In responding to the latter contention and in disallowing it, this court used the language quoted above from the opinion in the Seymour Case, upon which appellant relies. But the facts here upon the point under discussion in this instant case are not at all similar to the facts in the Seymour Case. Here appellant, on the day following his giving of the answers now here relied on by appellee as constituting perjury, and, of course, while the hearing and investigation had not been completed and was continuing, was again called to the witness stand, and he there and then corrected, or attempted to correct, the false answers given by him on the day before. In the Seymour Case the accused therein never again took the stand, nor did he correct, or attempt to correct, the false statements made by him as a witness in the hearing. In fact, his telegram, to the Committee does not by its language amount to a request that he be allowed to correct anything he had theretofore sworn to, nor is there any admission or intimation *384 in it that he had sworn falsely. So it did not even constitute "a bona fide but incompleted attempt to correct false testimony." At best, it simply indicated his willingness, at his own convenience, to give further testimony; whether true or false, does not appear.

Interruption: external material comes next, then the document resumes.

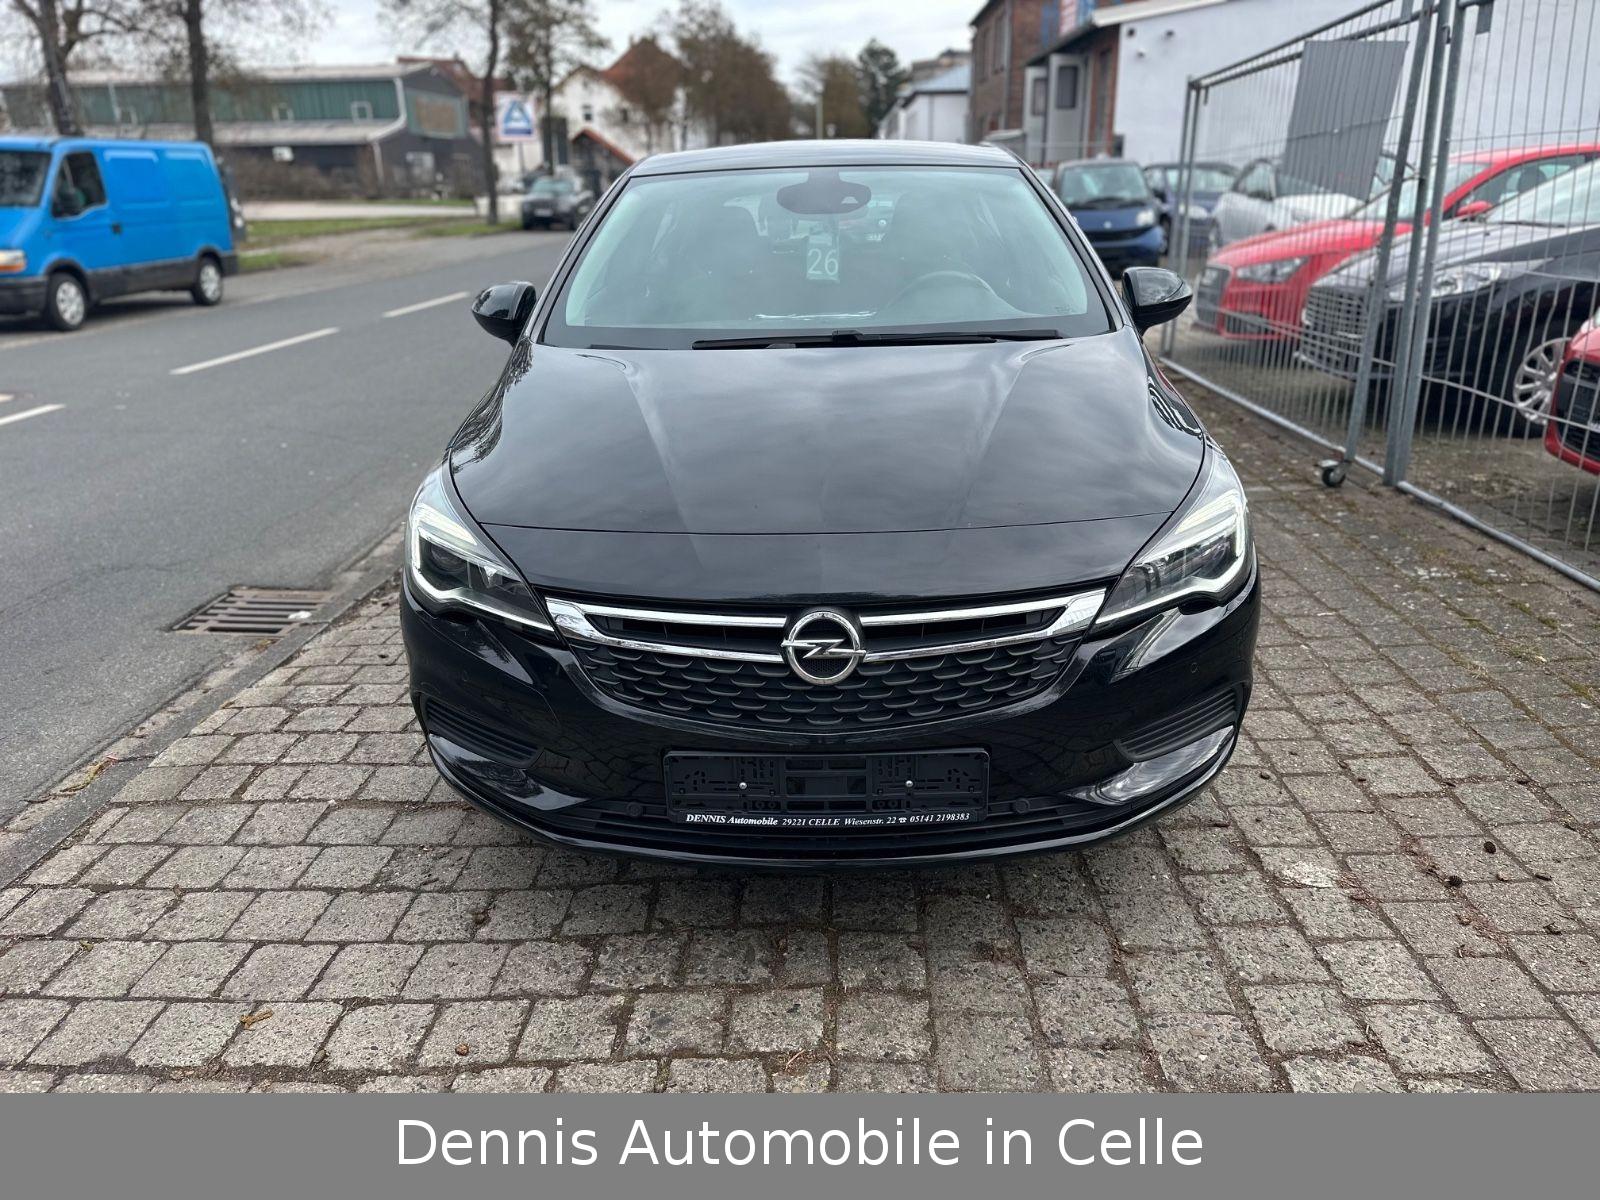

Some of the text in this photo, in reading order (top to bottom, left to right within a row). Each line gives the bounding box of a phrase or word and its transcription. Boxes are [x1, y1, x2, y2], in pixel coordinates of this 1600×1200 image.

[807, 247, 839, 276] 26
[686, 812, 970, 826] DENNIS Automobile 29221 CELLE Wiesenstr. 22 05141 2198383

It was in response to this situation and contention that this court used the quoted language found in the opinion in the Seymour Case, and which is relied on by appellee as a categorical ruling by this court, that a witness, who has sworn falsely, may not under any circumstances thereafter purge himself thereof. The language relied on by appellee, when considered in the light of the facts up for judgment in the Seymour Case, was obiter dictum merely. For undoubtedly the rule to be applied in a situation such as is presented in the case at bar is that when a witness in a trial, hearing, or investigation has, whether intentionally or unintentionally, given false, or perjured testimony, but afterwards in the same trial, or hearing, or investigation, and before such trial, etc., has been completed, fully corrects all false answers and statements theretofore made by him, he cannot be successfully prosecuted for perjury. Of course, he must fully and fairly correct all false statements formerly sworn to by him, and on which a prosecution for perjury could otherwise be bottomed. He cannot purge himself thereof only in part, or doubtfully and evasively, but must do so fully. If what he last swore comprehends a full correction, his last testimony comprises the ultimate facts in the case, so far as the witness is concerned. If he shall correct fully and fairly every false statement theretofore made by him, on which a charge of perjury might be, or is, as here bottomed, it may well be that the matter is one for the court, and in a trial for perjury may well warrant a directed verdict of acquittal in favor of the accused. But, if his correction is doubtful or evasive, or not full and fair, the question whether he has purged himself is one for the jury.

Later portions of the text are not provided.